## Input for this task
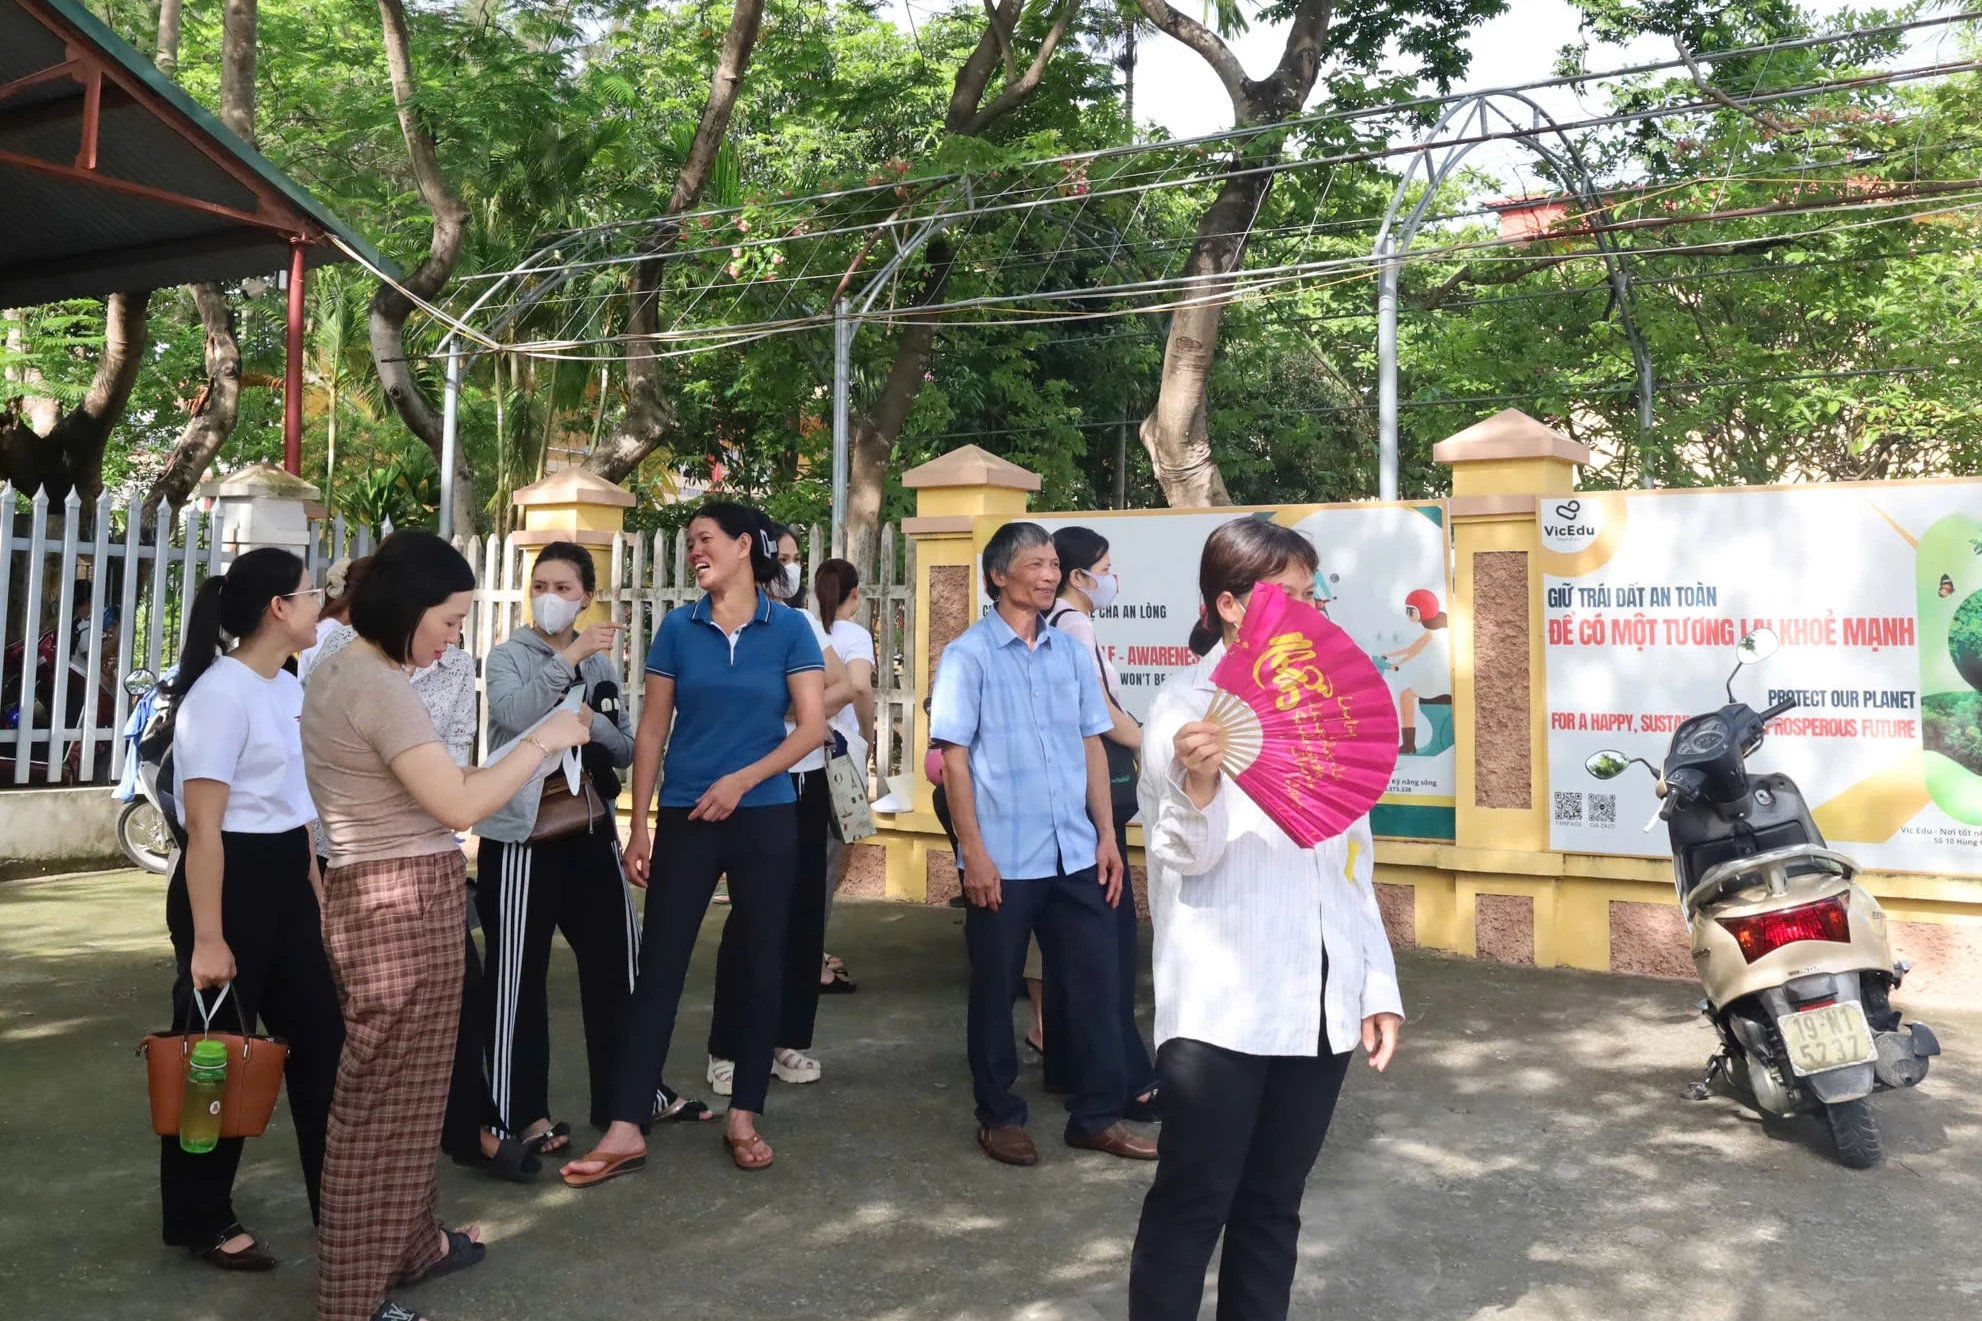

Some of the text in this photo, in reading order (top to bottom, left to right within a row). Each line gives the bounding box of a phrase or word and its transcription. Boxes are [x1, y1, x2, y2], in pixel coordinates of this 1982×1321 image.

[1544, 525, 1595, 536] VicEdu
[1548, 582, 1717, 608] GIỮ TRÁI ĐẤT AN TOÀN
[1099, 605, 1119, 618] CHA
[1123, 605, 1136, 618] AN
[1140, 602, 1167, 618] LÒNG
[1548, 612, 1576, 645] ĐỂ
[1579, 613, 1606, 645] CÓ
[1611, 612, 1657, 651] MỘT
[1663, 617, 1734, 645] TƯƠNG
[1779, 609, 1836, 646] KHOẺ
[1843, 617, 1914, 652] MẠNH
[1120, 673, 1150, 685] WON'T
[1831, 691, 1859, 708] OUR
[1863, 691, 1916, 709] PLANET
[1551, 712, 1575, 730] FOR
[1579, 714, 1588, 731] A
[1591, 713, 1638, 734] HAPPY,
[1862, 719, 1917, 739] FUTURE

## What is being asked
Would you print the whole listing exactly, omitting the pictures?

## Exercise result
Some of the text in this photo, in reading order (top to bottom, left to right within a row). Each line gives the bounding box of a phrase or word and its transcription. Boxes are [x1, y1, x2, y2], in pixel coordinates of this 1982×1321 image.

[1544, 525, 1595, 536] VicEdu
[1548, 582, 1717, 608] GIỮ TRÁI ĐẤT AN TOÀN
[1099, 605, 1119, 618] CHA
[1123, 605, 1136, 618] AN
[1140, 602, 1167, 618] LÒNG
[1548, 612, 1576, 645] ĐỂ
[1579, 613, 1606, 645] CÓ
[1611, 612, 1657, 651] MỘT
[1663, 617, 1734, 645] TƯƠNG
[1779, 609, 1836, 646] KHOẺ
[1843, 617, 1914, 652] MẠNH
[1120, 673, 1150, 685] WON'T
[1831, 691, 1859, 708] OUR
[1863, 691, 1916, 709] PLANET
[1551, 712, 1575, 730] FOR
[1579, 714, 1588, 731] A
[1591, 713, 1638, 734] HAPPY,
[1862, 719, 1917, 739] FUTURE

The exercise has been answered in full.